Je suis entré à la SNCB fin 2013, après que des données des clients se sont retrouvées sur Internet. Depuis, ces quatre domaines sont pris très au sérieux. Je cherche également à intégrer les quatre aspects sous ma responsabilité dans tous les projets pertinents, au stade le plus précoce possible. Je participe par exemple à un projet visant à proposer le WiFi dans les gares. La sécurité et la protection de la vie privée en constituent des éléments primordiaux. Pendant les réunions, j’essaie d’identifier les risques, je réclame de l’attention pour la vie privée des clients et j’analyse la continuité des systèmes informatiques. Après la réunion d’équipe, j’ai souvent des réunions individuelles avec des participants au projet.
11 heures-12 heures État des lieux avec l’équipe du CIO
Je fais un état des lieux avec le CIO et son équipe presque chaque jour. Nous y discutons de la stratégie informatique générale, des budgets et des projets. On écoute mon opinion sur la sécurité. La situation générale des risques opérationnels est également abordée. J’analyse les risques et leur impact possible, le CIO décide des actions que nous entreprenons.
12 heures Lunch
Le midi, je me contente généralement d’un sandwich avec mon équipe. Celle-ci se compose de six collaborateurs fixes, et de plusieurs consultants qui apportent des compétences spécialisées que nous ne possédons pas en interne.
14 heures Réunion d’équipe et réunions avec des collaborateurs
Je discute des projets avec mon équipe. Nous définissons ensemble l’approche à adopter. Je parcours les principaux aspects des projets. Nous faisons un bilan, nous nous répartissons les tâches, nous déterminons qui prendra contact avec qui et nous fixons les échéances. Ensuite, j’ai une série de réunions individuelles avec des membres de l’équipe sur des projets. Lors de ces réunions, nous travaillons de manière plus concrète, pratique, nous entrons davantage dans le détail. Je consacre également beaucoup de temps au coaching individuel. L’aspect humain est très important à mes yeux.
16 heures Contacts informels avec la C-suite
En fin de la journée, il y a généralement un peu de temps dans les agendas pour communiquer de manière moins formelle avec les collègues managers. Je me penche régulièrement avec le CEO et le CFO sur le risque et la sécurité, parfois aussi avec la direction des ventes ou du marketing.
Dans ces discussions, je me sens évangéliste de la protection informatique. Je défends la valeur ajoutée de la sécurité et de la protection de vie privée, j’insiste sur les investissements nécessaires, je demande à être impliqué dans les projets à une phase très précoce.

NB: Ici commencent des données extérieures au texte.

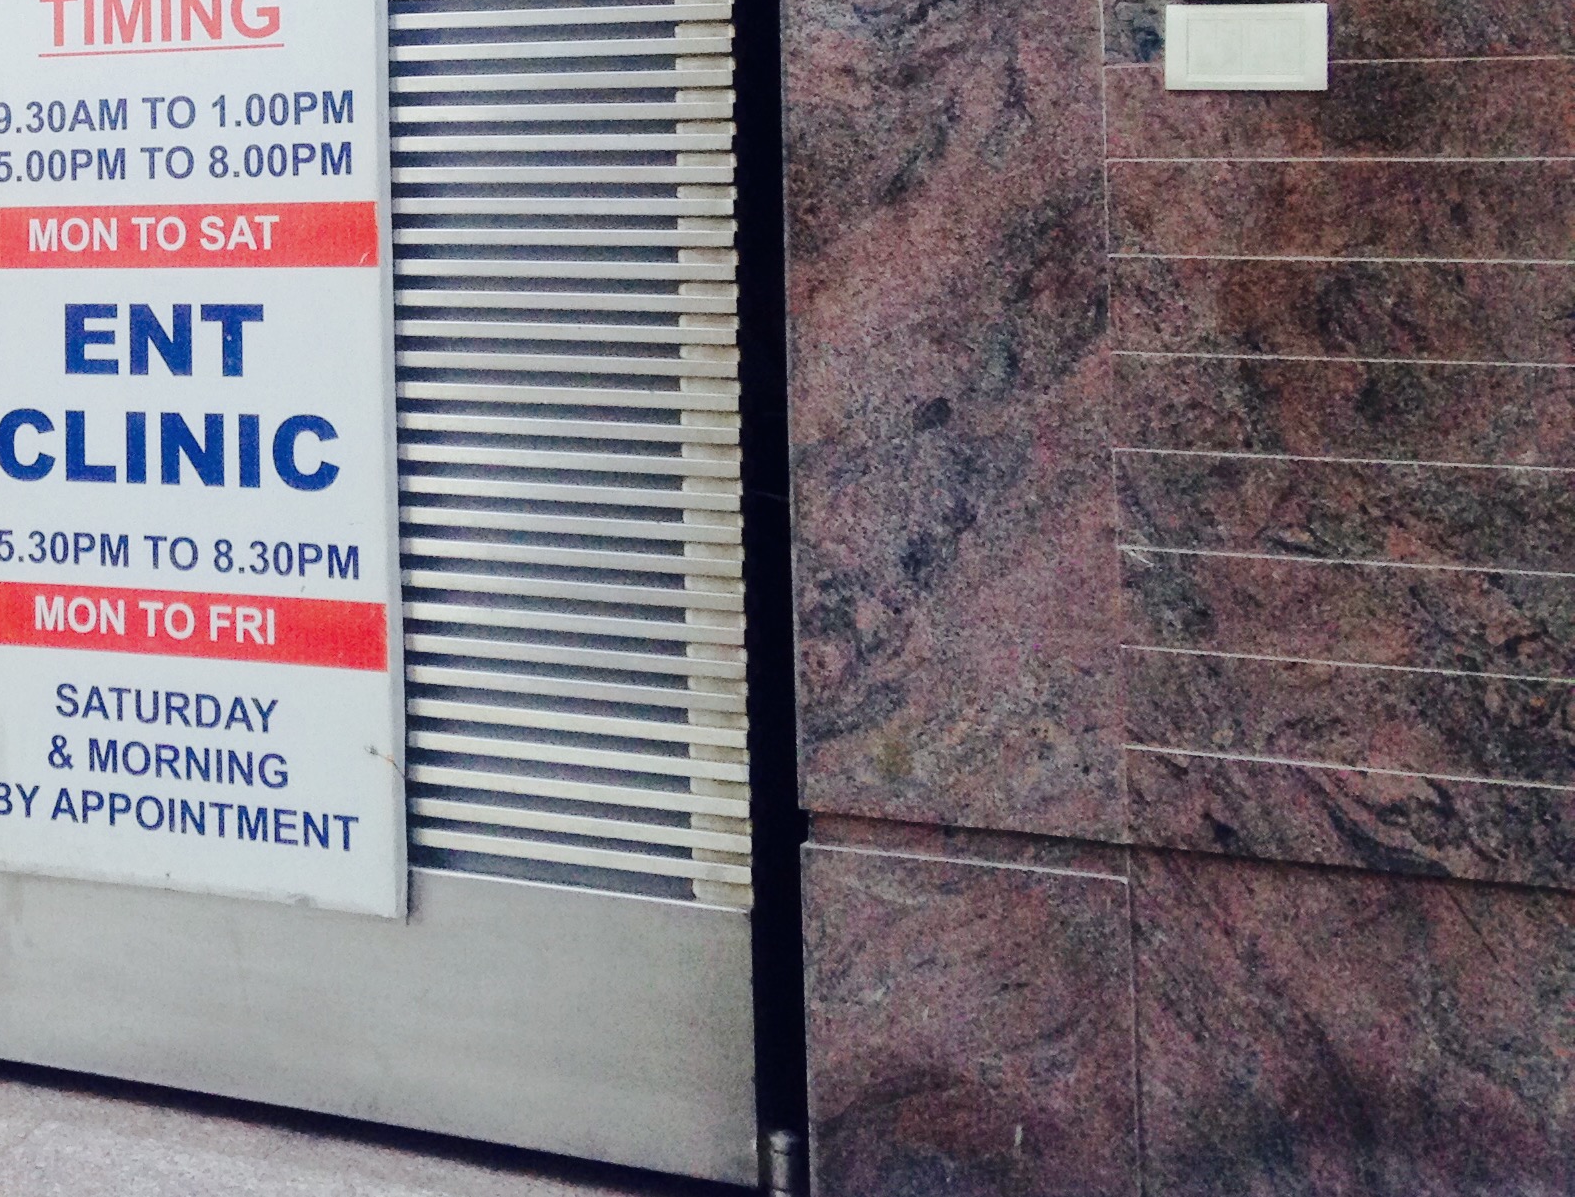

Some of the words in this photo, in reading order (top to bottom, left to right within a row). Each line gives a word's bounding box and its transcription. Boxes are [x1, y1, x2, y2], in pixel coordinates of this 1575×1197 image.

[142, 95, 196, 130] TO
[211, 90, 355, 127] 1.00PM
[140, 146, 194, 180] TO
[208, 142, 353, 178] 8.00PM
[28, 217, 118, 253] MON
[132, 216, 186, 252] TO
[200, 215, 279, 251] SAT
[64, 303, 264, 377] ENT
[144, 536, 198, 571] TO
[213, 539, 360, 580] 8.30PM
[34, 595, 125, 635] MON
[139, 601, 195, 640] TO
[209, 605, 275, 645] FRI
[55, 683, 278, 733] SATURDAY
[48, 735, 73, 770] &
[88, 738, 288, 790] MORNING
[50, 788, 359, 852] APPOINTMENT

Je transmets également des informations sur les budgets et les meilleures pratiques d’entreprises paires et je tente de faire de la sécurité et de la protection de la vie privée un réflexe chez les autres membres de la direction.
Après 18 heures
Bien entendu, les cybercriminels ne vont pas dormir à 18 heures. Je me tiens toujours disponible en cas d’incident. Cela peut aller du défacement d’un site web à un incident de protection de la vie privée en passant par une intrusion dans un système informatique. En cas de sinistre, j’ai surtout un rôle de coordination. Je tente de limiter les dégâts, et je prends contact avec les parties internes et externes pertinentes. Je crois beaucoup dans une communication ouverte sur les incidents : c’est la meilleure façon d’en tirer des enseignements.
1. La sécurité informatique doit être un enabler. Le CISO doit attirer l’attention sur la sécurité, mais sans se profiler comme un obstacle. Travaillez comme un évangéliste, et rendez les projets réalisables en apportant une valeur ajoutée.

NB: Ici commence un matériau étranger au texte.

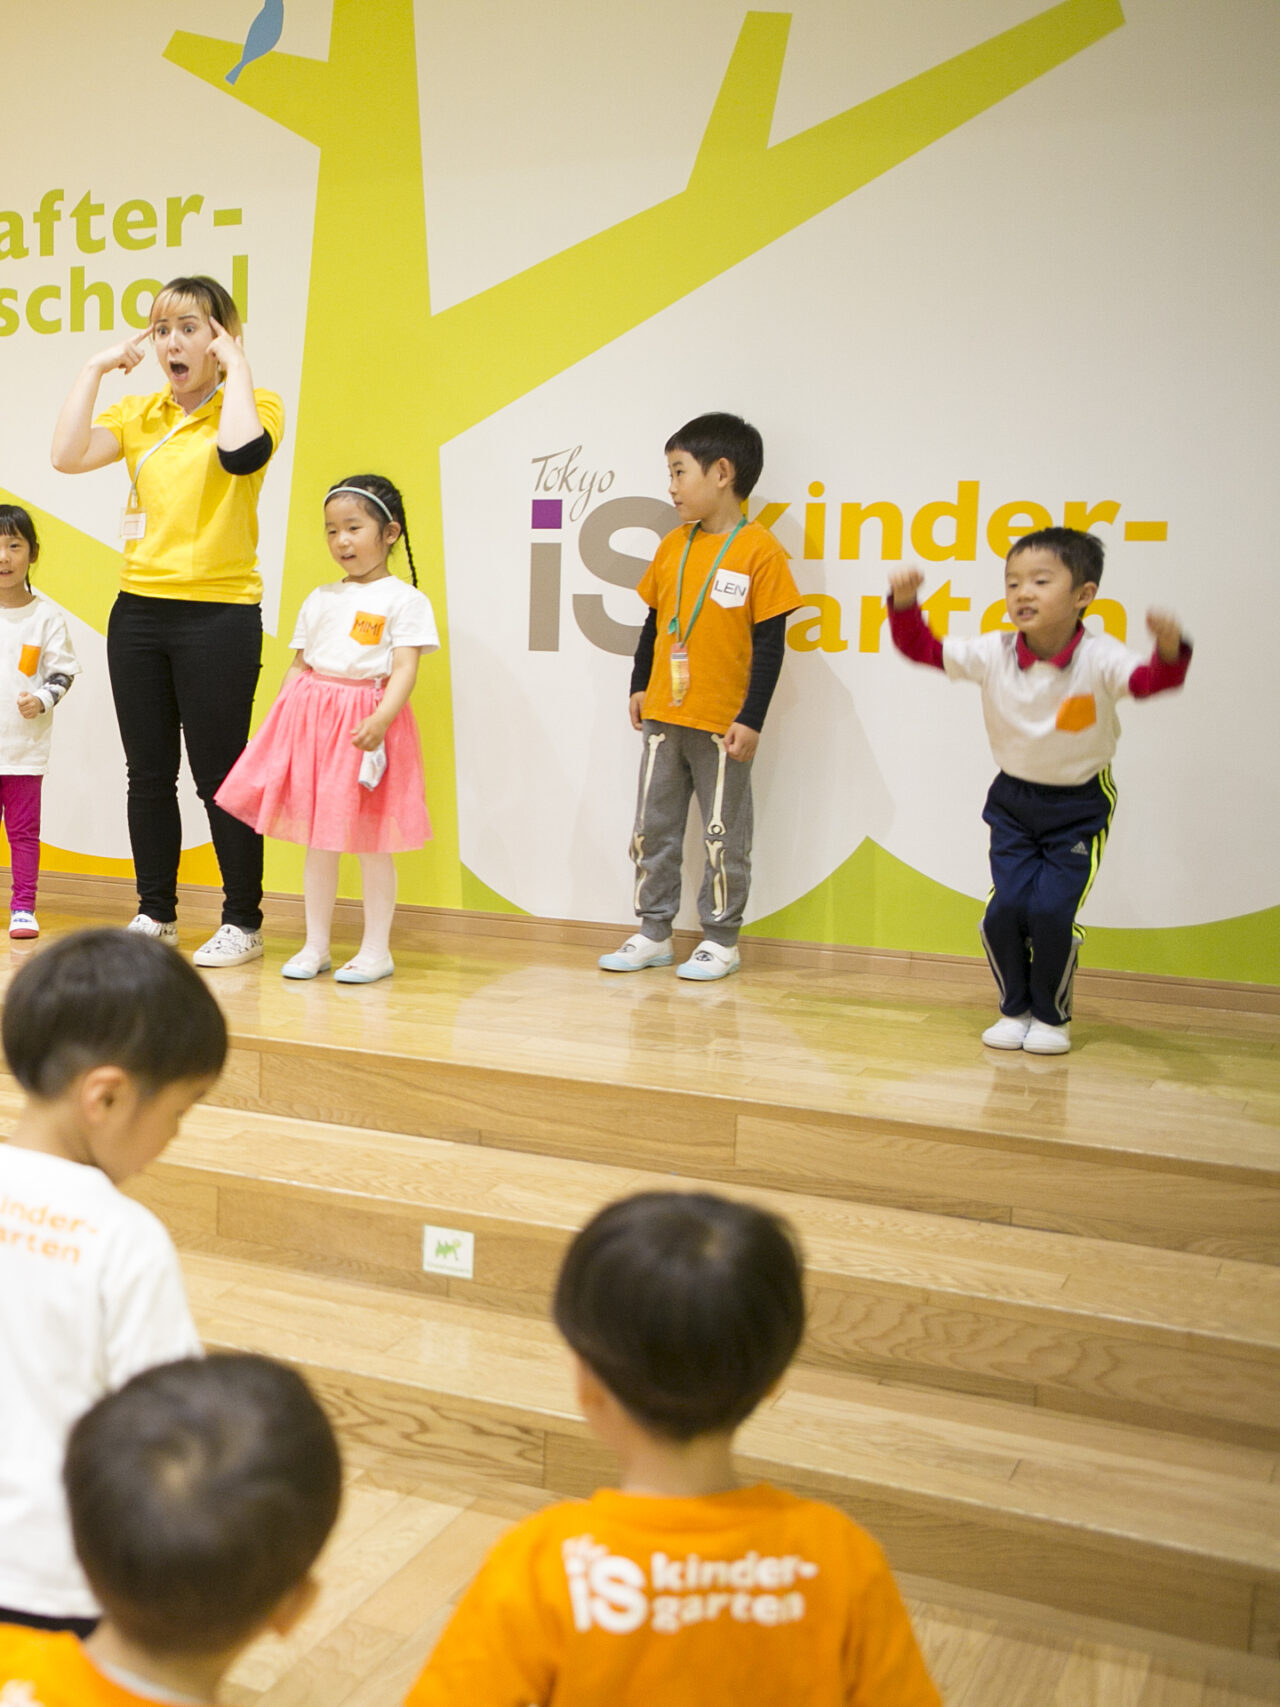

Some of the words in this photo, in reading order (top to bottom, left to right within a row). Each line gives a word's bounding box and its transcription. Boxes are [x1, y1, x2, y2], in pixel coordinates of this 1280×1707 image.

[531, 445, 615, 522] Tokyo
[714, 580, 746, 597] LEN
[566, 1554, 648, 1635] iS
[651, 1551, 818, 1592] kinder-
[651, 1591, 805, 1635] garten

2. La sécurité dépasse l’informatique. Pour le CISO, le savoir-faire technologique ne suffit pas. Vous devez traduire vos connaissances techniques en notions utilisables par les autres départements. Les métaphores et autres images sont souvent des outils très utiles.
3. Soyez sur vos gardes. Soyez sur vos gardes, mais veillez à ce que vos clients et collaborateurs ne perdent pas le sommeil. La sécurité est la valeur ajoutée qu’apporte votre fonction au reste de l’entreprise et aux clients.
4. Développez la notion de responsabilité. Une maîtrise parfaite des outils techniques n’est pas une garantie de sécurité pour l’entreprise. Le maillon faible est presque toujours l’aspect comportemental. Il est donc crucial de faire de la prévention. Le CISO y joue un rôle pédagogique.
5. Entretenez des relations avec vos collègues. Établissez un lien de confiance avec des collègues d’autres secteurs. N’essayez pas de réinventer l’eau chaude : posez des questions, inspirez-vous des meilleures pratiques. Osez faire confiance à des parties externes et à leurs connaissances spécialisées.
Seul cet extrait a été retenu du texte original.